WHAT THE EXERCISE ASKS >> Reproduce every record below exactly as written, leaving out any pictures.

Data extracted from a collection
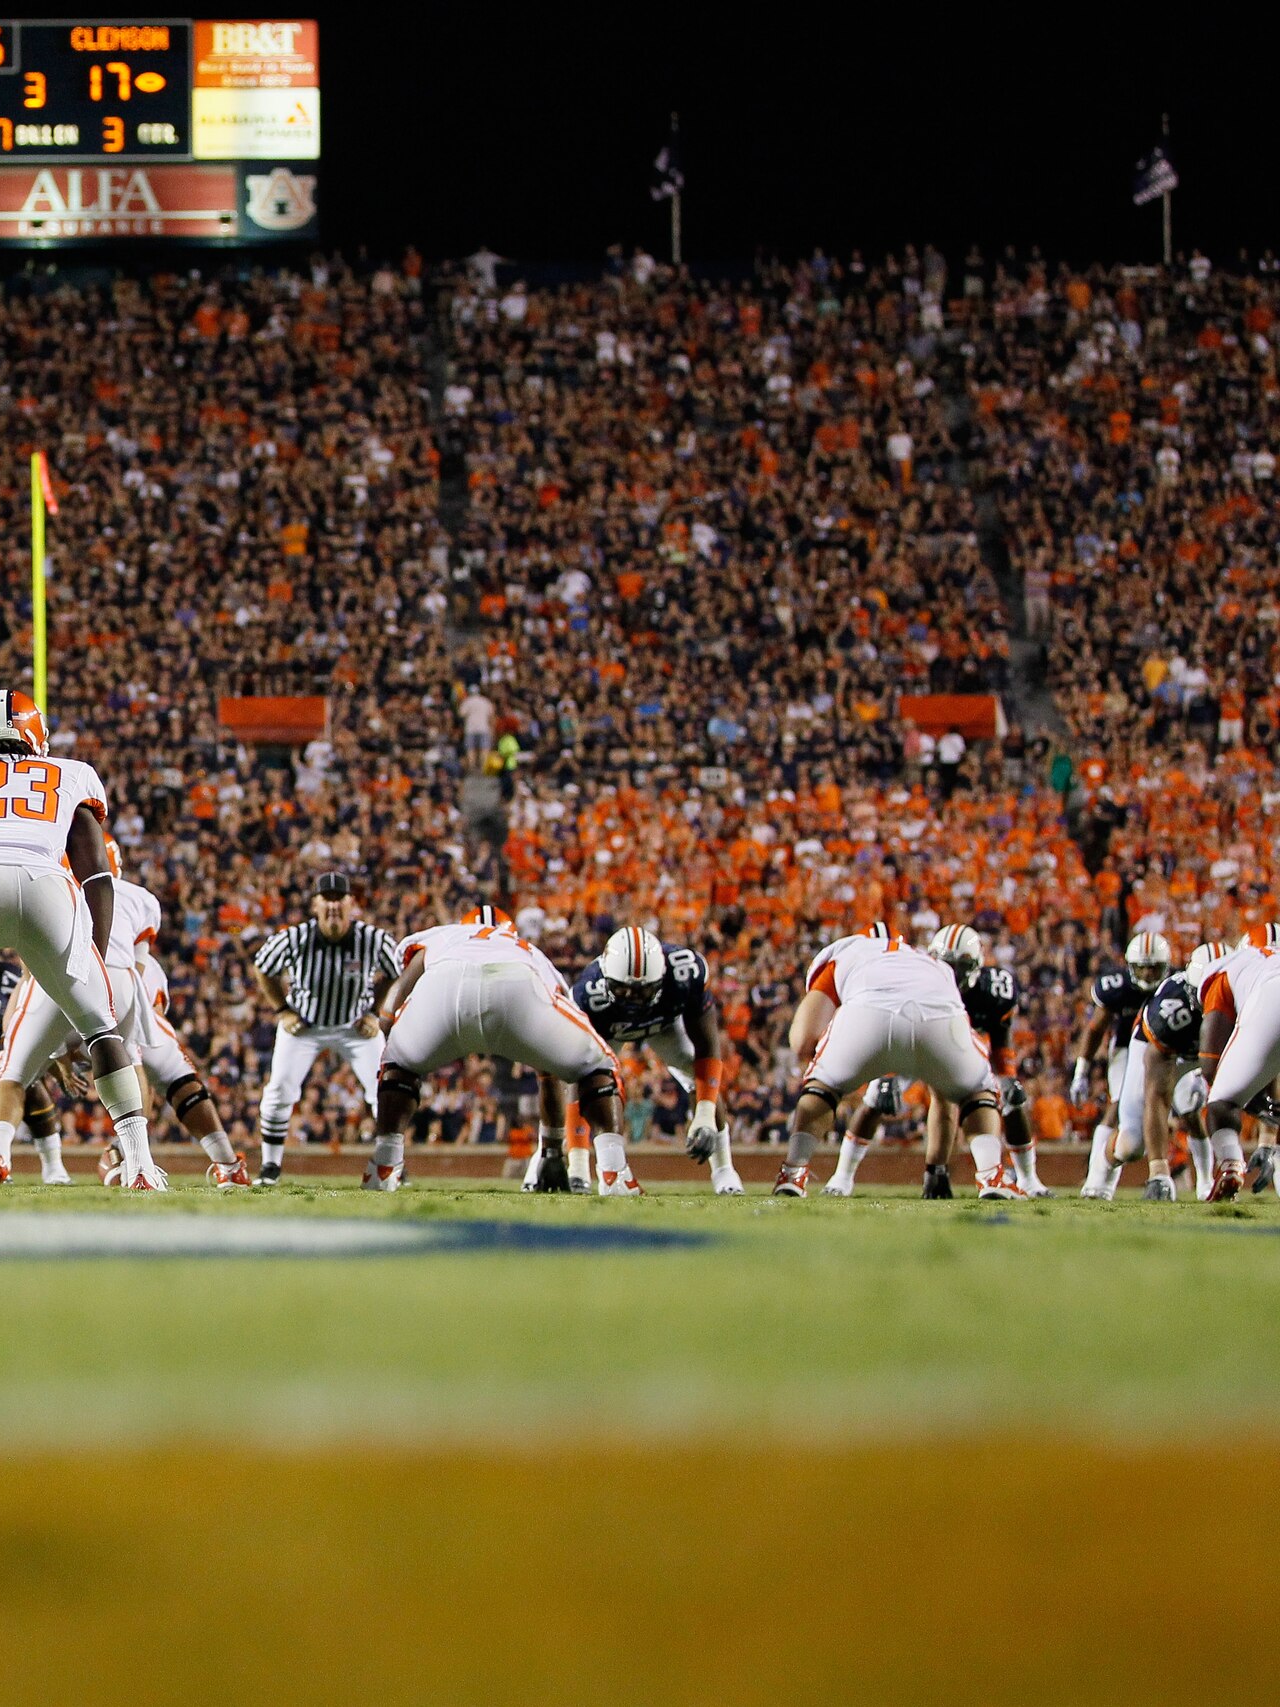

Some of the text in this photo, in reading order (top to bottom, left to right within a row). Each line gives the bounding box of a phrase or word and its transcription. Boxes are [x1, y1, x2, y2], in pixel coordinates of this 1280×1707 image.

[212, 22, 303, 55] BB&T
[23, 71, 47, 109] 3
[89, 62, 132, 102] 17
[101, 116, 126, 153] 3
[20, 168, 163, 216] ALFA
[17, 220, 164, 236] ISURANCE
[668, 948, 700, 982] 90
[989, 967, 1014, 1001] 25
[1100, 973, 1124, 992] 2
[1159, 998, 1193, 1031] 49

RESULT OF THIS TASK >>
Some of the text in this photo, in reading order (top to bottom, left to right within a row). Each line gives the bounding box of a phrase or word and its transcription. Boxes are [x1, y1, x2, y2], in pixel coordinates of this 1280×1707 image.

[212, 22, 303, 55] BB&T
[23, 71, 47, 109] 3
[89, 62, 132, 102] 17
[101, 116, 126, 153] 3
[20, 168, 163, 216] ALFA
[17, 220, 164, 236] ISURANCE
[668, 948, 700, 982] 90
[989, 967, 1014, 1001] 25
[1100, 973, 1124, 992] 2
[1159, 998, 1193, 1031] 49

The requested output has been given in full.